厚労省イベントに清原和博氏もサプライズ登場

 アルコールや薬物、ギャンブルなどの依存症に対する差別や偏見をなくしてもらおうと、厚生労働省(厚労省)は「誤解だらけの"依存症"」と題する啓発イベントを開催した(関連記事)。国立精神・神経医療研究センター精神保健研究所薬物依存研究部部長の松本俊彦氏や、元サッカー日本代表の前園真聖氏、超歌手の大森靖子氏がトークイベントに登壇。松本氏は、依存症が本人の意志や性格の問題ではないことを改めて説明し、依存症者への批判が回復の妨げになることを強調、一方で依存症者がギャンブルで作った借金などを肩代わりするような"尻ぬぐい"がかえって依存症を増長させてしまう可能性を指摘した。イベント終了間際には、元プロ野球選手の清原和博氏がサプライズゲストとして登場し、松本氏とのトークセッションを行った。

完治はせずとも回復は可能

 トークイベントでは、アルコールや薬物、ギャンブルの各依存症について、松本氏がレクチャーを行った。いずれの依存症にも共通するのは、世間一般が持つ偏見と差別意識が根強く残っていること。そんな意識を当事者本人も持っており、家族や周囲の人たちは自分を責めたりしてしまいがちという。これが、精神保健福祉センターや保健所への相談や、専門の医療機関での治療に結びつかない点も、依存症の共通点だ。

 差別や偏見について語るとき、松本氏が例に挙げるのは、米国の元大統領ジョージ・W.ブッシュ氏がかつてアルコール依存症を克服した逸話だ。「米国では依存症から回復すればヒーロー扱いされ、大統領になることすらできる。では、日本はどうでしょうか」と、松本氏は疑問を投げかける。

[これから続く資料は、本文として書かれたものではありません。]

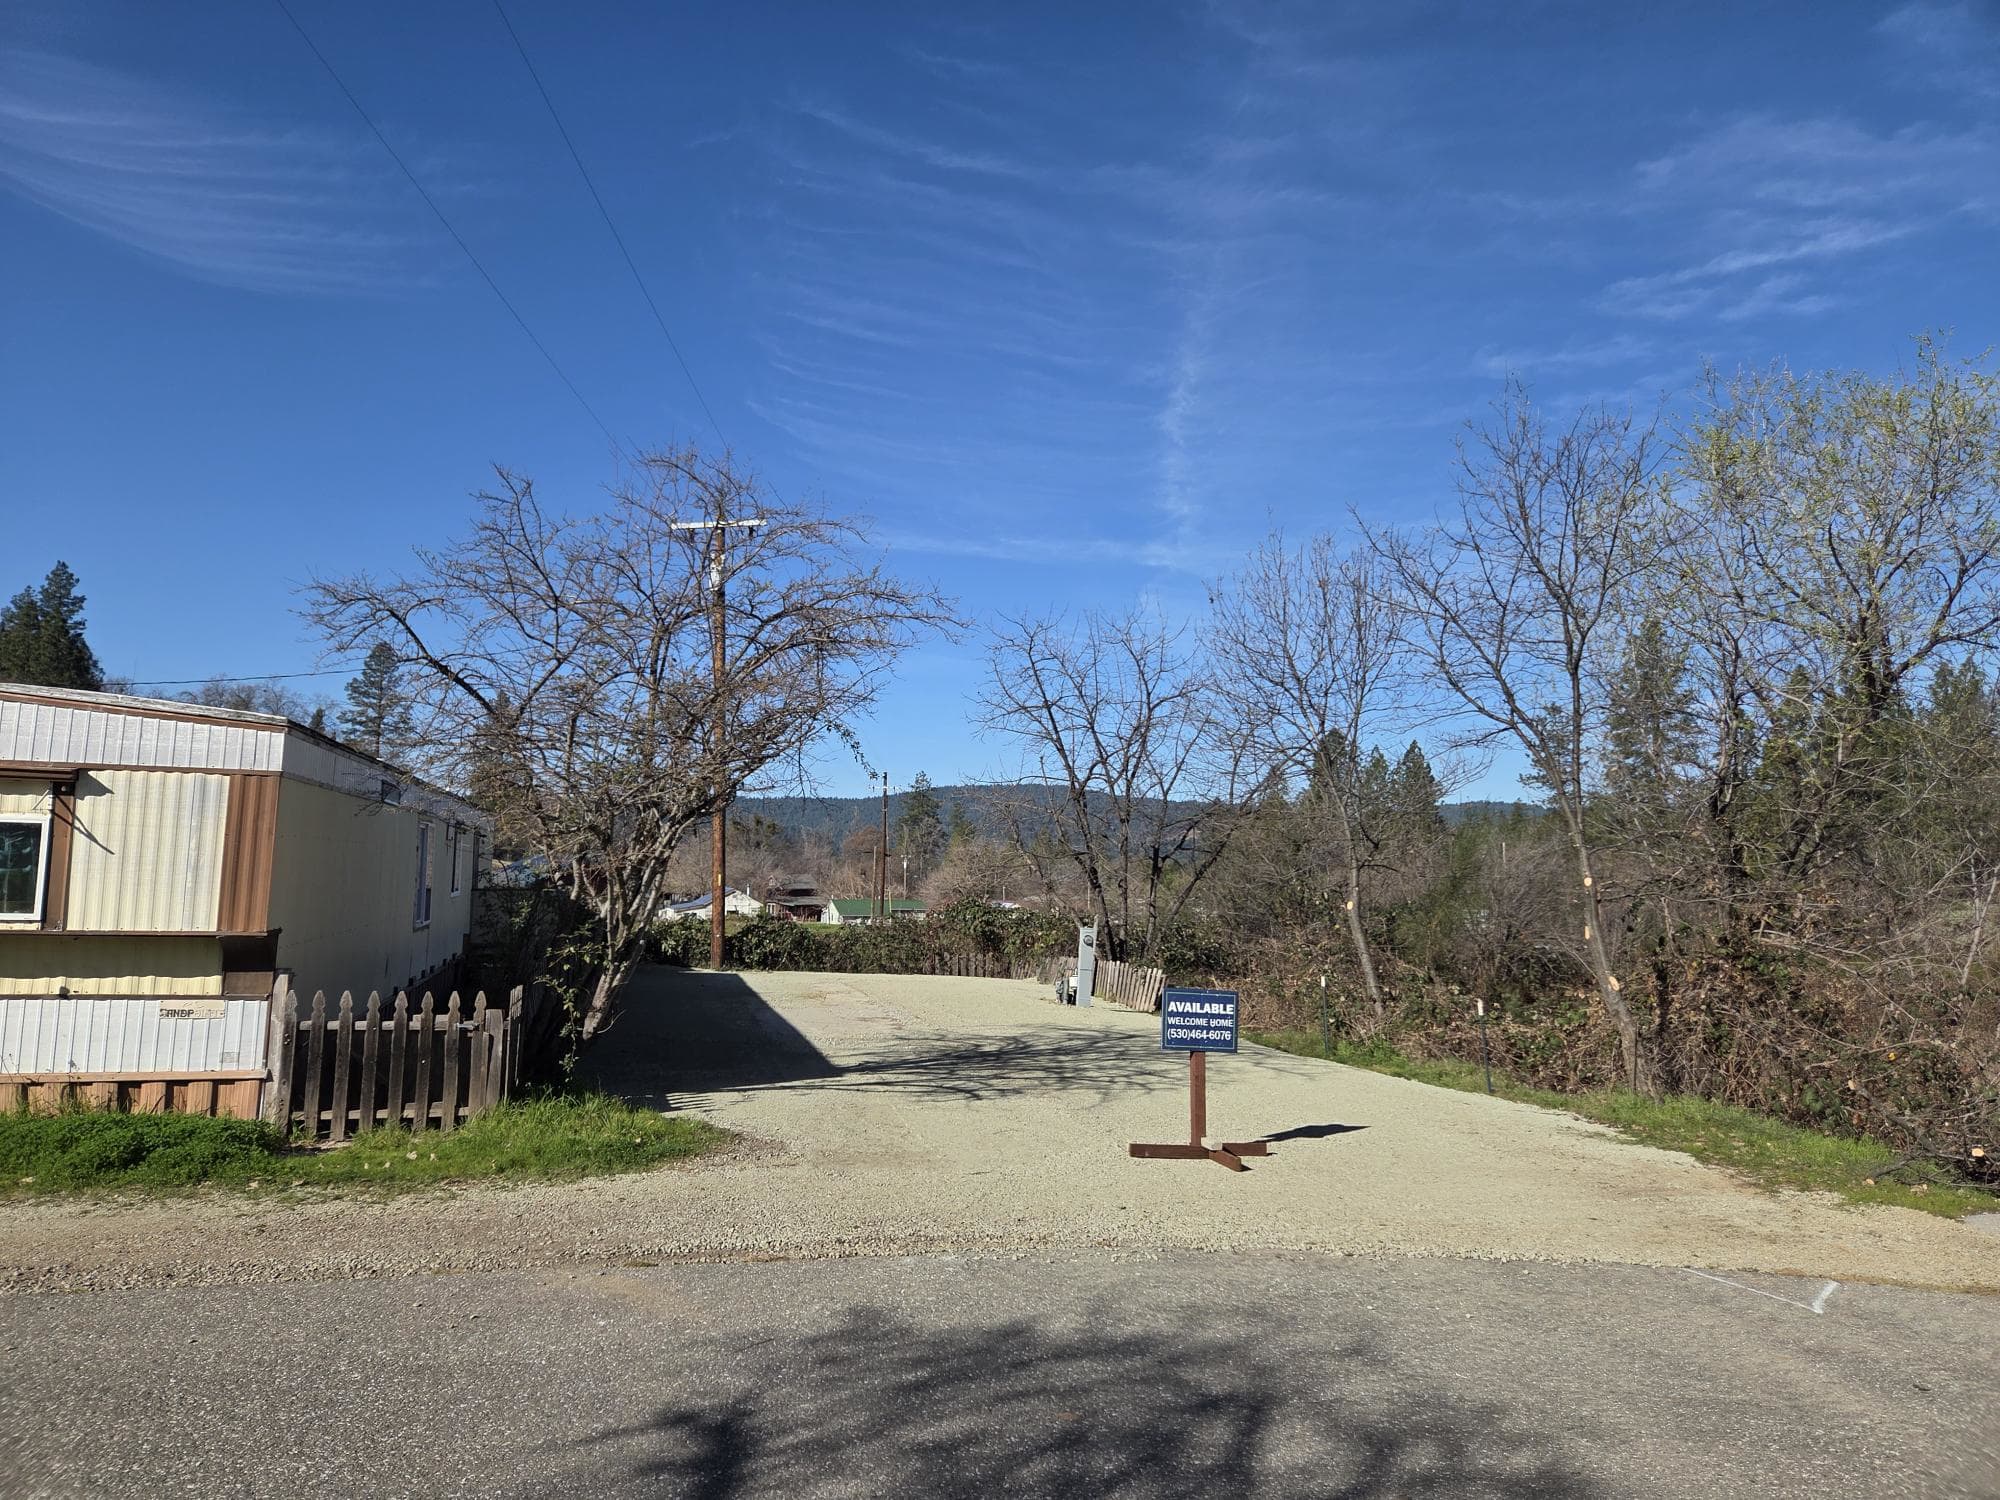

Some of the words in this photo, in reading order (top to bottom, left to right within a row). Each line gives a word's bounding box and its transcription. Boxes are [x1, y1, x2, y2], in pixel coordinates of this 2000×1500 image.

[1168, 1001, 1234, 1014] AVAILABLE
[1167, 1016, 1208, 1026] WELCOME
[1209, 1018, 1234, 1028] HOME

 依存症は本人の性格や意志の問題ではなく病気であるという正しい知識を1人でも多くの人が持つことで、当事者が少しでも早く専門の医療機関で適切な治療が受けられ、自助グループなどで仲間とともに努力を続ける筋道がつけられる。「完治は難しいかもしれないが、依存症から回復し、われわれ一般の人と同じような人生を送ることは可能。失ったものの多くを取り戻すことはできる」と松本氏は繰り返した。

前園氏、清原氏らも実体験を語る

 前園氏は、自身がかつて起こしたタクシー運転手への傷害事件をきっかけに、アルコール摂取を一切やめたという。現在、依存症理解啓発サポーターを務めており、今回のイベント開催前にはアルコールや薬物、ギャンブルそれぞれの依存症から立ち直ろうとする自助グループを訪問した。

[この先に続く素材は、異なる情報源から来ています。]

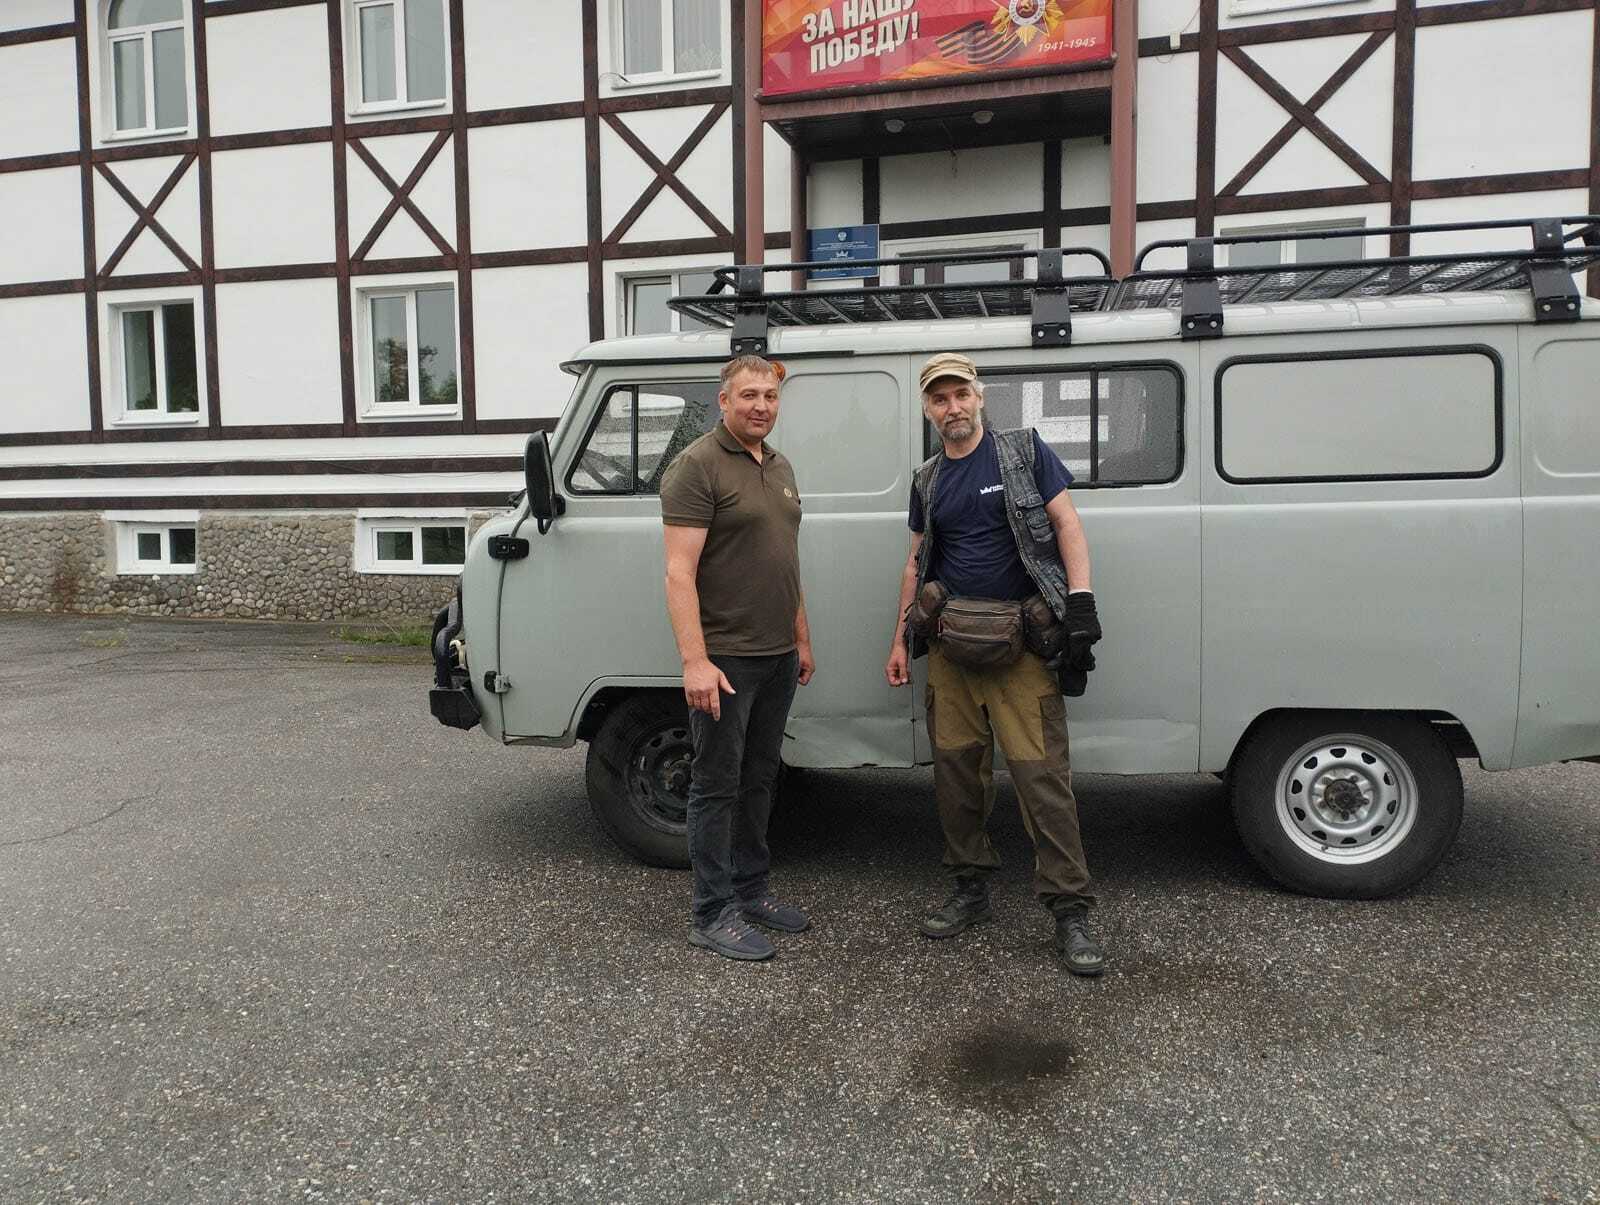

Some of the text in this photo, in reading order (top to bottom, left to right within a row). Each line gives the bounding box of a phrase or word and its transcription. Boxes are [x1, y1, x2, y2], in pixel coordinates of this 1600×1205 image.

[802, 8, 835, 43] ЗА
[810, 11, 919, 73] ПОБЕДУ!
[1038, 37, 1097, 53] 1941-1945
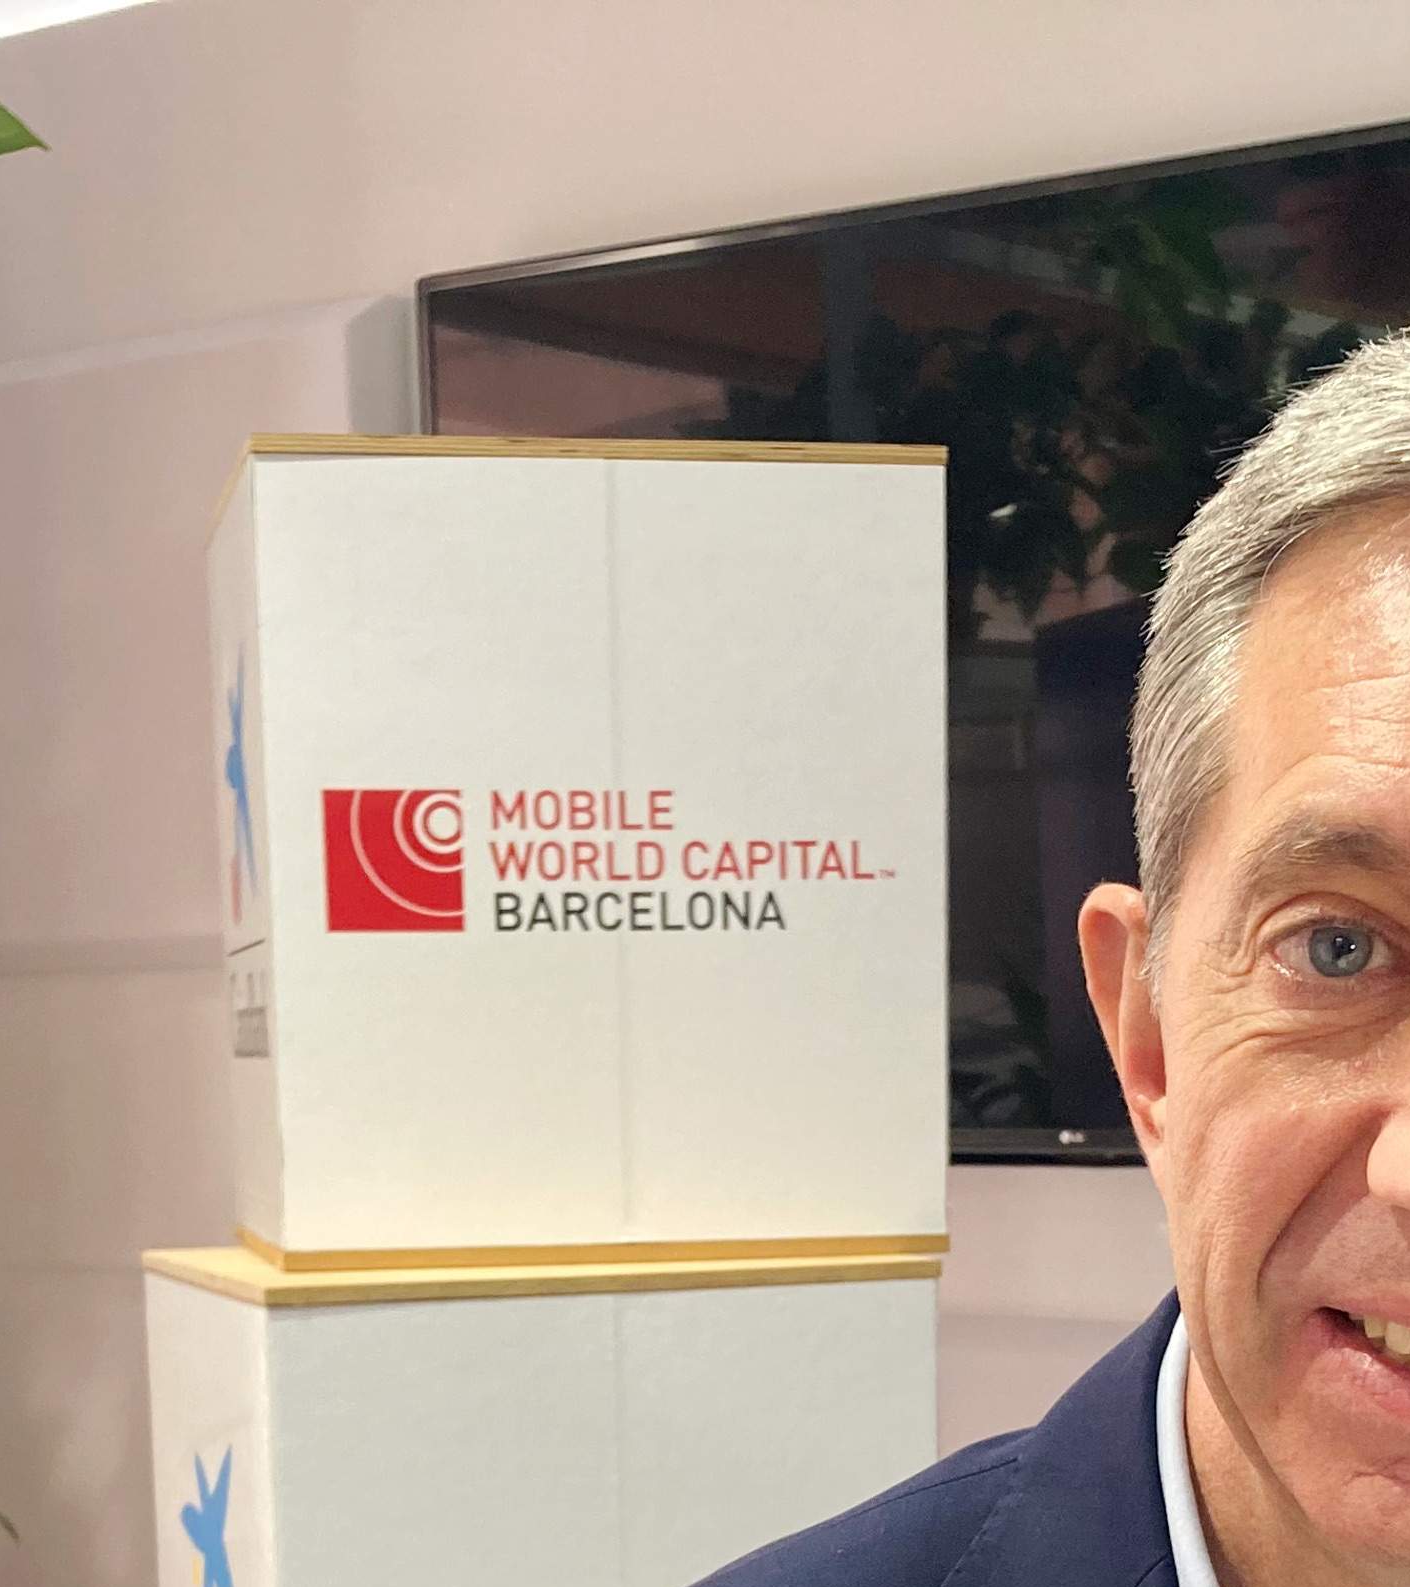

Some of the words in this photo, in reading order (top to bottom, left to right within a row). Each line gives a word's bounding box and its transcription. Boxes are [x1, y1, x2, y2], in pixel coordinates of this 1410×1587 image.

[490, 790, 674, 831] MOBILE
[489, 840, 665, 881] WORLD
[493, 891, 787, 932] BARCELONA

 アルコールの場合、「日常的にお酒を飲まれていると、自分は依存症ではないという気持ちになるように感じました。1人になるとお酒に手を出してしまったりするので、自助グループのメンバーと会話をすることで、今日も一日頑張ろうという気持ちになれると皆さん、仰っていました」と、孤独や孤立しないための手段として、自助グループの存在の意義を指摘した。

 松本氏は常々、依存症者への批判は無意味であり、本人の回復の妨げになることを説いてきた。一方で、依存症者がギャンブルで作った借金を肩代わりしたり、泥酔して吐いたりした後片付けをしてしまうような「尻拭い」は、かえって依存症を悪化させる原因になりかねないと懸念した。それを聞いた大森氏は、自分は全く飲酒をしないと断った上で、飲酒習慣のある夫とのエピソードとして、酔った姿を映像に残したら、それを見て3日くらいは「断酒」していたと明かした。

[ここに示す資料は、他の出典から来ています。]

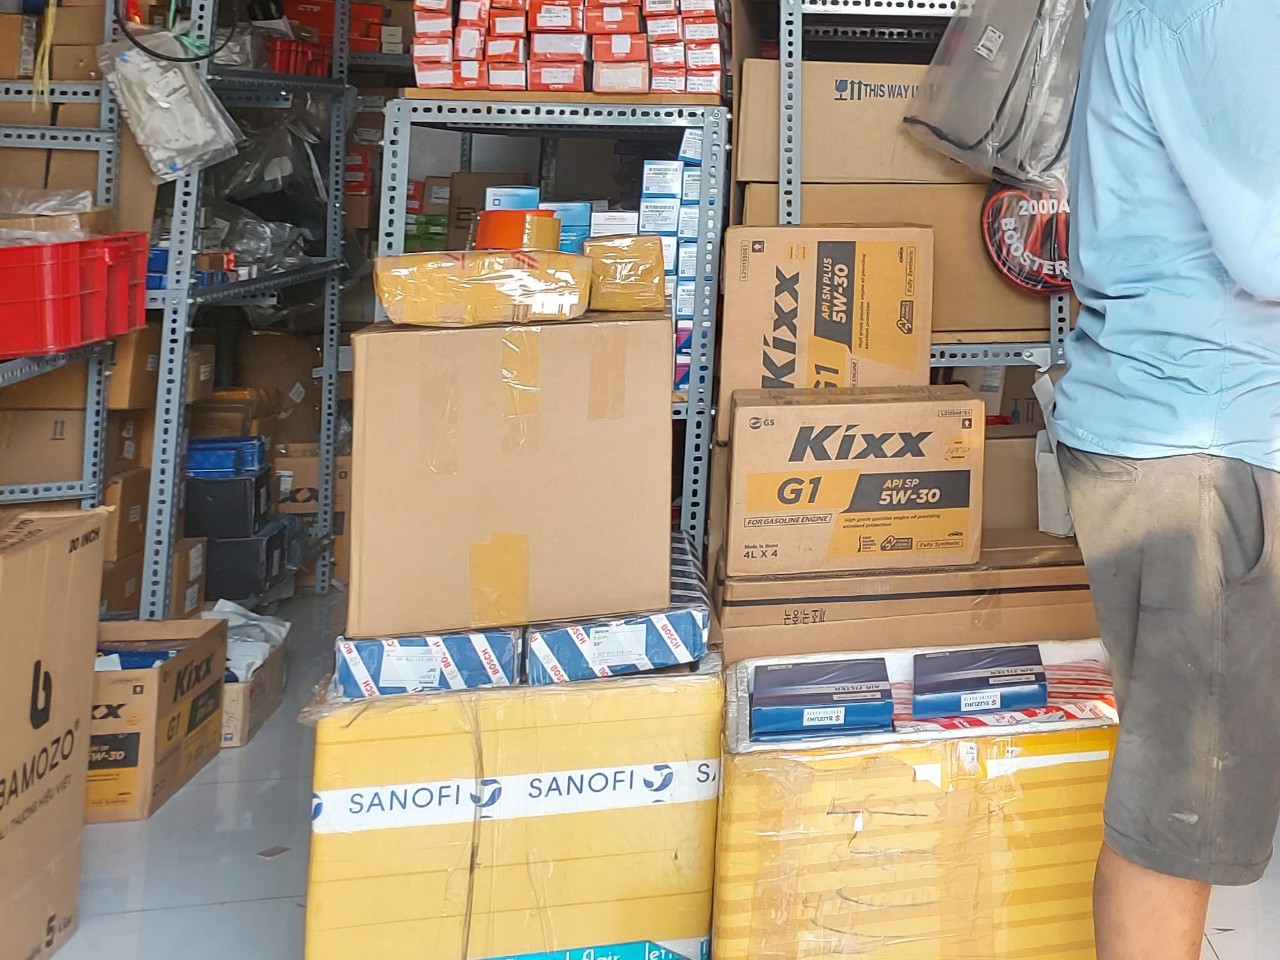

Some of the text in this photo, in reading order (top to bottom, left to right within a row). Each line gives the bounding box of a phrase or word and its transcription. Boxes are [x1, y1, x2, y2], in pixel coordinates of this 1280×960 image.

[863, 84, 885, 98] THIS
[887, 85, 910, 98] WAY
[1019, 199, 1070, 216] 2000A
[1001, 218, 1070, 276] BOOSTER
[821, 257, 833, 320] API SN PLUS
[832, 263, 849, 324] 5W-30
[761, 265, 800, 388] Kixx
[763, 418, 775, 427] GS
[788, 423, 933, 462] Kixx
[776, 476, 823, 505] G1
[883, 479, 919, 488] API SP
[879, 489, 941, 506] 5W-30
[747, 515, 829, 526] FOR GASOLINE ENGINE
[743, 549, 778, 559] 4L X 4
[660, 623, 681, 650] BOSCH
[480, 648, 500, 676] BOSCH
[964, 700, 991, 708] SUZUKI
[806, 715, 833, 723] SUZUKI
[528, 770, 634, 799] SANOFI
[348, 784, 461, 814] SANOFI

 最後に、サプライズゲストとして元プロ野球選手の清原氏が登壇。同氏は、2016年2月に覚せい剤取締法違反(所持)の容疑で逮捕され、その後は公の場に姿を現すことはなかなかなかった。

 松本氏 今回、厚労省のこの依存症啓発イベントに出演オファーがきたわけですが、驚かれたのでは?

 清原氏 正直、自分は逮捕されて3年になるのですが、こつこつと治療してきて、それが厚労省に認めてもらえたのかなと思うと、すごくうれしい気持ちでした。

 松本氏 (出演を)少し迷ったり、躊躇したりする気持ちはなかったか。

 清原氏 いえ、少しでも自分のように苦しんでいる人のためになればと思い、すぐに自分で決めました。

 松本氏 治療を受けるには勇気が要ると思いますが、治療を受けようと思った経緯は?

 清原氏 やはり大きな1つのきっかけというのが逮捕されたこと。自分が立ち直っていく上で、どういうことをすればいいのかと考えた中で、薬物の専門の病院に通おうと決めて、弁護士さんに相談して病院を探していただきました。

 松本氏 つらい時期とかはありましたか。

 清原氏 約2週間に1回病院に通って、いろいろなテキストで、薬物について勉強したりすることによって、どんどんどんどん「自分はこうだったんだ、ああだったんだ」と理解できていったので、すごく良かったと思います。

 松本氏 今現在も、薬物に悩んでいて「このままではいけないな」と思いながらも行動を起こせない方もいるのではないかと思う。悩んでいる方へメッセージをいただけますか。

 清原氏 はい。自分の体験なのですが、薬物は一時的にやめられても、やめ続けることは自分自身だけでは非常に難しいことだと思います。勇気を出して、専門の病院にいってほしいなと思います。

 松本氏 ご本人を支えている家族ら周囲の人へのメッセージはありますか。

 清原氏 自分はいろいろな人に支援していただいて、支えられています。先ほど、松本先生がおっしゃったように、自分の身近な人に、正直にものを言えることが自分は一番変わったことだと思いますし、薬物を使っていた時は薬物を使うためにうそをつき、自分をどんどん追い詰めていってしまい、ほとんど苦しみの日々でした。それが近くにいる人の理解があれば、今、自分は苦しいんだ、つらいんだと言える環境があることが、一番大きいことだと思います。

 なお、本人の登場はなかったが、お笑い芸人・榎森耕助氏が演じるキャラクターとして人気の「せやろがいおじさん」による、「依存症を誤解していませんか?」というタイトルの動画が会場で流された。イベントの要点をまとめた、インパクトのある動画は、松本氏からもお墨付きだ。

 厚労省では、今後も依存症に対する差別や偏見を解き、正しい知識を広める啓発事業を進める予定だ。